Work required:
When you copy the entries, keep every word exactly as it stands.

Dataset excerpts
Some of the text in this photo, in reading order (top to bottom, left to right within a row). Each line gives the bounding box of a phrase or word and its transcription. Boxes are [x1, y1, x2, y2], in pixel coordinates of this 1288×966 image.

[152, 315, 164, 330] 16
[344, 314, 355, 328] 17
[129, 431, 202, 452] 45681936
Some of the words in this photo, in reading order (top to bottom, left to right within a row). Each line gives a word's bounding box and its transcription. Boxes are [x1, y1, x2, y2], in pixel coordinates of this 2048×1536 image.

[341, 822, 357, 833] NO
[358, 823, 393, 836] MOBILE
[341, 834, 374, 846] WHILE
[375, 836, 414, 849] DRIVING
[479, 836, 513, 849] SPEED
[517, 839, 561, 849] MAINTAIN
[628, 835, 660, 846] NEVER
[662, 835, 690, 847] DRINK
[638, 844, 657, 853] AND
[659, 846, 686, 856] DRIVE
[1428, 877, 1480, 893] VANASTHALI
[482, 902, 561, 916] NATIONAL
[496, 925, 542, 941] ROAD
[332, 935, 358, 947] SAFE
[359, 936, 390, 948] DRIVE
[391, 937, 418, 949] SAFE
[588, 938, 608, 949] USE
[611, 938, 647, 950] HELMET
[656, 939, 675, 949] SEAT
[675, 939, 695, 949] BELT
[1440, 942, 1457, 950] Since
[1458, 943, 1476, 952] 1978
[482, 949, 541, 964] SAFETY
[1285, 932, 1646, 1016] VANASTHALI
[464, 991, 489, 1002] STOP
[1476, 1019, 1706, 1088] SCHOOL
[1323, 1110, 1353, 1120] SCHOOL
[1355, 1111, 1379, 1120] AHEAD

Written answer:
Some of the text in this photo, in reading order (top to bottom, left to right within a row). Each line gives the bounding box of a phrase or word and its transcription. Boxes are [x1, y1, x2, y2], in pixel coordinates of this 1288×966 image.

[152, 315, 164, 330] 16
[344, 314, 355, 328] 17
[129, 431, 202, 452] 45681936
Some of the words in this photo, in reading order (top to bottom, left to right within a row). Each line gives a word's bounding box and its transcription. Boxes are [x1, y1, x2, y2], in pixel coordinates of this 2048×1536 image.

[341, 822, 357, 833] NO
[358, 823, 393, 836] MOBILE
[341, 834, 374, 846] WHILE
[375, 836, 414, 849] DRIVING
[479, 836, 513, 849] SPEED
[517, 839, 561, 849] MAINTAIN
[628, 835, 660, 846] NEVER
[662, 835, 690, 847] DRINK
[638, 844, 657, 853] AND
[659, 846, 686, 856] DRIVE
[1428, 877, 1480, 893] VANASTHALI
[482, 902, 561, 916] NATIONAL
[496, 925, 542, 941] ROAD
[332, 935, 358, 947] SAFE
[359, 936, 390, 948] DRIVE
[391, 937, 418, 949] SAFE
[588, 938, 608, 949] USE
[611, 938, 647, 950] HELMET
[656, 939, 675, 949] SEAT
[675, 939, 695, 949] BELT
[1440, 942, 1457, 950] Since
[1458, 943, 1476, 952] 1978
[482, 949, 541, 964] SAFETY
[1285, 932, 1646, 1016] VANASTHALI
[464, 991, 489, 1002] STOP
[1476, 1019, 1706, 1088] SCHOOL
[1323, 1110, 1353, 1120] SCHOOL
[1355, 1111, 1379, 1120] AHEAD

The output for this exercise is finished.